Diana Merry

Diana Merry-Shapiro was a computer programmer for the Learning Research Group of Xerox PARC in the 1970s and 1980s, after having originally been hired as a secretary.[1] As one of the original developers of the Smalltalk programming language, she wrote the first system for overlapping display windows.[2] Merry was also one of the co-inventors of the BitBLT ('bit block transfer') routines for Smalltalk,[3][4] subroutines for performing computer graphics operations quickly which were pivotal in the evolution of user interfaces from text-based computing to graphical user interfaces.
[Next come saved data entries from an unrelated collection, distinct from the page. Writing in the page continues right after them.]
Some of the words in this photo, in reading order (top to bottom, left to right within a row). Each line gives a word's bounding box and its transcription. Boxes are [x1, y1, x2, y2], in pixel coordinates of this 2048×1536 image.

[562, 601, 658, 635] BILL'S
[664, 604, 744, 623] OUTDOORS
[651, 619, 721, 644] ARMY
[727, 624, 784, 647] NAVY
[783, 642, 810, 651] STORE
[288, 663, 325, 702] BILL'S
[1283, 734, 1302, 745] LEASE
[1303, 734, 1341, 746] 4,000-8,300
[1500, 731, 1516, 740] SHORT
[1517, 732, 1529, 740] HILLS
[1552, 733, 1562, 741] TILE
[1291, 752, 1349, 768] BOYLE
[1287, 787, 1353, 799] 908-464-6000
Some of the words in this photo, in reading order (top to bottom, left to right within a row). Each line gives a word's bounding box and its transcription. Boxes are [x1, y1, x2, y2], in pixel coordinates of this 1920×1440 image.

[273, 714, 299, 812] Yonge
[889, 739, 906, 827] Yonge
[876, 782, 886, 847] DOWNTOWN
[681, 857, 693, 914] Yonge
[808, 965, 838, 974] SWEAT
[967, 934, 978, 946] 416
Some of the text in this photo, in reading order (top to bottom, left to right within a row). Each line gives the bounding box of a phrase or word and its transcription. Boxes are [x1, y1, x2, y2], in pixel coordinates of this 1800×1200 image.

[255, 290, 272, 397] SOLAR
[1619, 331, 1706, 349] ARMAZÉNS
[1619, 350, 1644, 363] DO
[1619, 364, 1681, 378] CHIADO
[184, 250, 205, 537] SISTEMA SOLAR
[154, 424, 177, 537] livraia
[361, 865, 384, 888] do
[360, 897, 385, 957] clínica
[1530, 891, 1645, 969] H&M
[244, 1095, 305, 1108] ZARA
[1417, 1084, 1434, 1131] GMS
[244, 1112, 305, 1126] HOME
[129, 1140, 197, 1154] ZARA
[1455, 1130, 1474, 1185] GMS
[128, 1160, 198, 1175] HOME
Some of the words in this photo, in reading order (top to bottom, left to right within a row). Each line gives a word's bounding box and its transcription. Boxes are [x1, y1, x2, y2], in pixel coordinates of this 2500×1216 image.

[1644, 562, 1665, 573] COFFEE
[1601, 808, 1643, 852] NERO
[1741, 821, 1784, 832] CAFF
As of 2003, Merry-Shapiro was still using Smalltalk as an employee of Suite LLC, a financial consulting firm.[5]

References

  1. Moggridge, Bill (2006), "The Mouse and the Desktop: Interviews with Doug Engelbart, Stu Card, Tim Mott, and Larry Tesler", Designing Interactions (PDF), MIT Press, p. 69, ISBN 978-0-262-13474-3 .
  2. Kay, Alan (1993), "IV. 1972-76--The first real Smalltalk (-72), its birth, applications, and improvements", The Early History Of Smalltalk .
  3. Ingalls, Dan (November 19, 1975), Bit BLT (PDF), Xerox Inter-Office Memorandum .
  4. Guibas, L. J.; Stolfi, J. (July 1982). "A language for bitmap manipulation". ACM Transactions on Graphics. 1 (3): 191–214. doi:10.1145/357306.357308.
  5. Babcock, Charles (April 28, 2003), "Smalltalk Gets Developers Talking: Interest in decades-old programming language grows as developers use it for Web applications", InformationWeek .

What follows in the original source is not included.